Painel esquerdo (Atenção): A linha azul sobe acentuadamente durante a desintoxicação, o que significa que o foco sustentado melhorou. A linha vermelha permanece plana durante o período de controle e sobe com a mesma intensidade quando eles são desconectados posteriormente. Painel intermediário (Saúde Mental): Ambos os grupos apresentaram ganhos significativos em saúde mental apenas durante as duas semanas em que estiveram off-line. Painel direito (Bem-estar): A satisfação com a vida e as emoções positivas aumentaram consistentemente sempre que os participantes estavam desconectados

A outra metade continuou usando seus telefones normalmente, depois trocou: o grupo de controle bloqueou a internet pelas duas semanas seguintes, enquanto o primeiro grupo voltou ao uso normal. Isso permitiu aos pesquisadores testar se os benefícios duraram.

O aplicativo Freedom rastreou a conformidade. Os participantes precisavam que o bloco estivesse ativo por pelo menos 10 dos 14 dias para serem considerados conformes.

Apenas 119 de 467 pessoas, cerca de 25 por cento, realmente atingiram esse padrão. Bloquear a internet foi difícil para a maioria. Mesmo assim, os pesquisadores os mantiveram na análise.

Em três momentos – no início, imediatamente após a desintoxicação e duas semanas depois – todos responderam a pesquisas e a um teste de atenção.

As pesquisas, baseadas em ferramentas de triagem da Associação Psiquiátrica Americana, mediram depressão, ansiedade, raiva e ansiedade social. Eles também mediram o bem-estar, que incluiu satisfação com a vida e emoções positivas versus emoções negativas.

Para medir a atenção, os participantes fizeram um teste online. Imagens brilhavam na tela – principalmente paisagens urbanas, ocasionalmente montanhas. Pressione para uma cidade. Não faça nada por uma montanha.

As imagens desapareciam lentamente, forçando o foco constante por alguns minutos. O teste produziu uma pontuação cientificamente validada de atenção sustentada.

Quatro vezes por semana, os participantes eram questionados por meio de um texto: ‘Como você se sente agora, de 1 (ruim) a 10 (bom)?’
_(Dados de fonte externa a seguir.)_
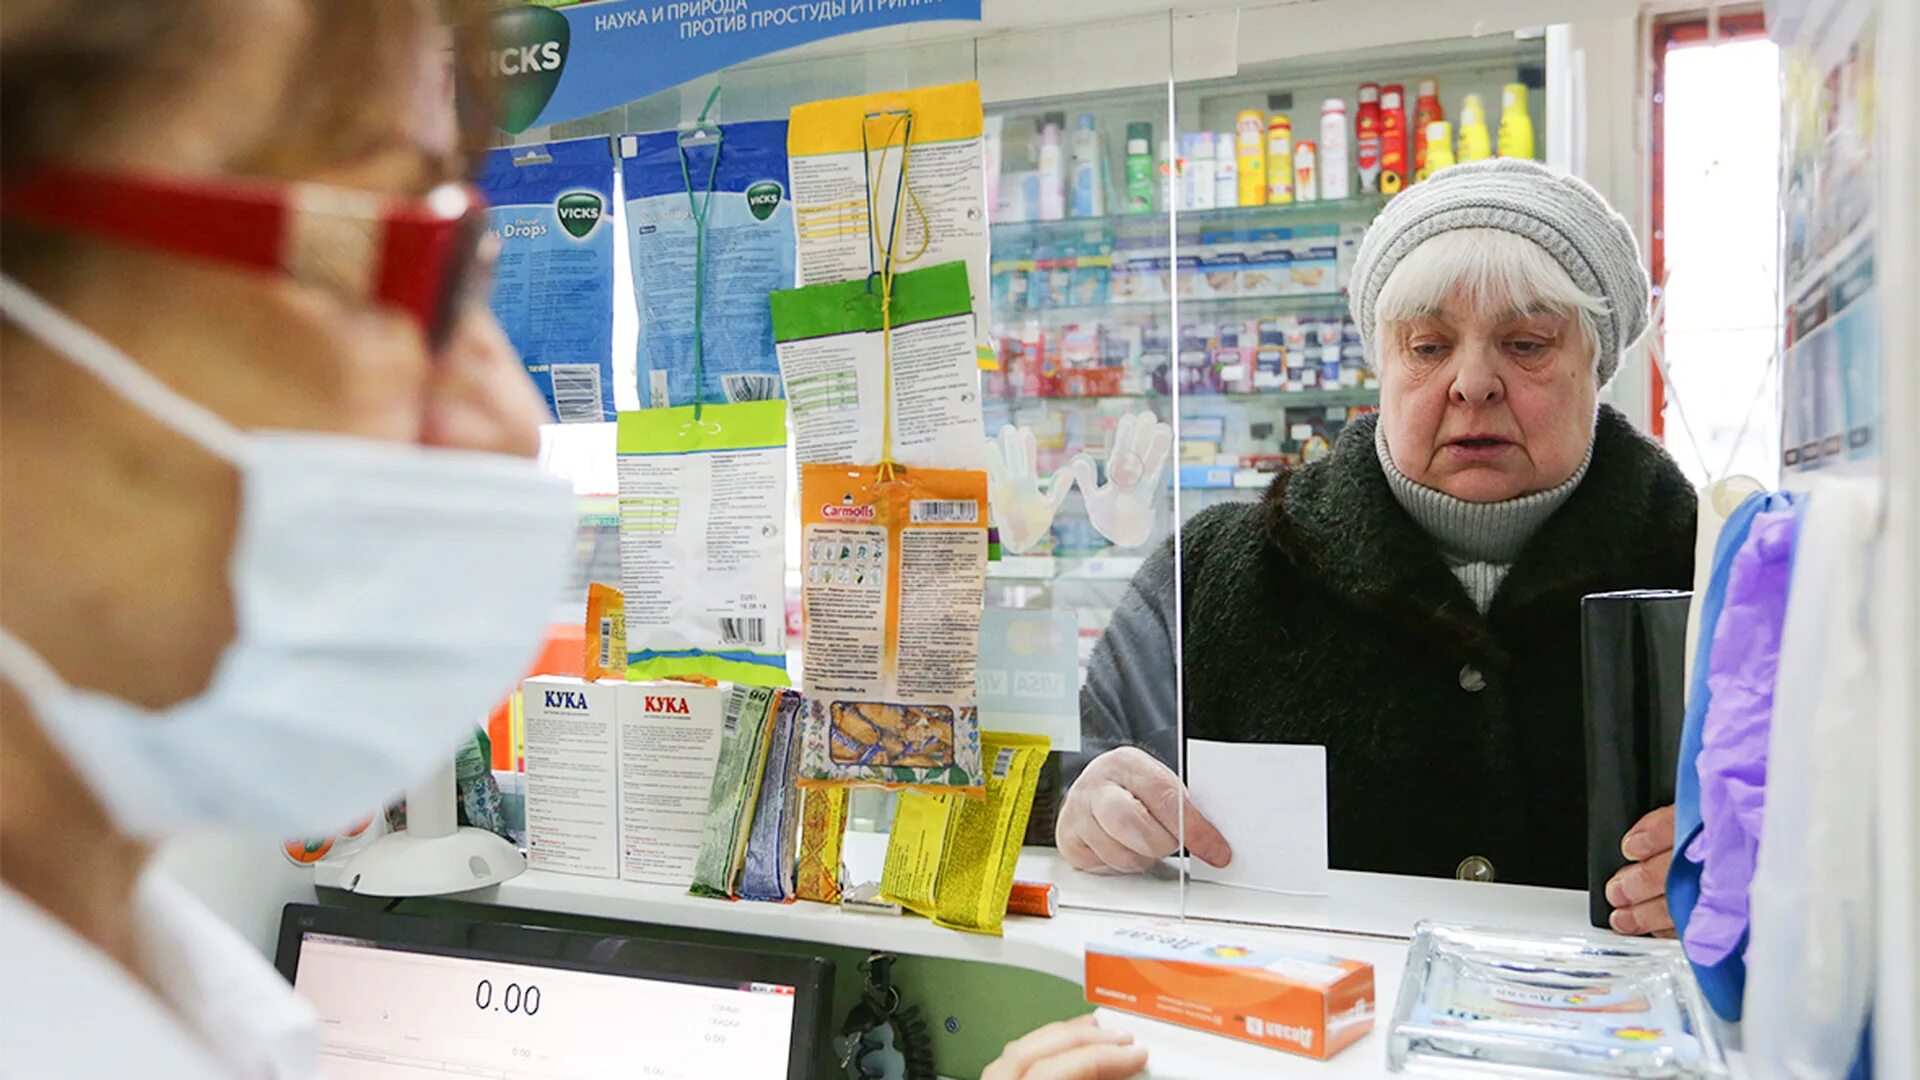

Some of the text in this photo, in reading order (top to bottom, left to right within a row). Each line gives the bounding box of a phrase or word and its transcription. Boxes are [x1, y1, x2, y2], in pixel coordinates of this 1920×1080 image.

Para os jovens, a evidência é clara: o uso intenso das redes sociais provoca depressão, ansiedade, automutilação e notas baixas. Varreduras cerebrais provam que ele reconfigura o controle de impulso (estoque)

Para os jovens, a evidência é clara: o uso intenso das redes sociais provoca depressão, ansiedade, automutilação e notas baixas. Varreduras cerebrais provam que ele reconfigura o controle de impulso (estoque)

Eles responderam imediatamente, capturando o humor diário, em vez de como se lembravam de ter se sentido semanas depois.

Os pesquisadores também perguntaram sobre o uso do tempo: se a desintoxicação apenas eliminou o tempo ao telefone ou foi substituída por hábitos mais saudáveis, como fazer exercícios ou ver amigos pessoalmente.

Não só o tempo de tela caiu, mas a atenção sustentada melhorou dramaticamente, tornando o foco das pessoas tão nítido quanto o de alguém 10 anos mais jovem.

A sua saúde mental também melhorou, com a maioria a relatar maior satisfação com a vida e mais emoções positivas.

Em ambos os grupos, 91 por cento dos participantes melhoraram em pelo menos um dos três resultados principais: saúde mental, bem-estar ou atenção sustentada.

As pessoas que trapacearam também viram alguns desses benefícios, embora em menor grau, provando que mesmo curtos períodos de desintoxicação podem trazer benefícios significativos.

Duas semanas após o término da desintoxicação, a saúde mental e o bem-estar permaneceram melhores do que antes. O tempo de tela não foi totalmente recuperado. O hábito foi quebrado.

Os participantes substituíram o tempo ao telefone por hábitos mais saudáveis: mais socialização pessoal, exercícios, tempo na natureza e leitura. Menos notícias, menos TV, menos vídeos.

Kushlev disse: ‘Mesmo que pareça intransponível, apenas um pouco de desintoxicação digital – um pouco de redução da estimulação constante de nossos telefones, mídias sociais, jogos e assim por diante – poderia realmente nos ajudar a recuperar nossa capacidade arraigada de manter a atenção.’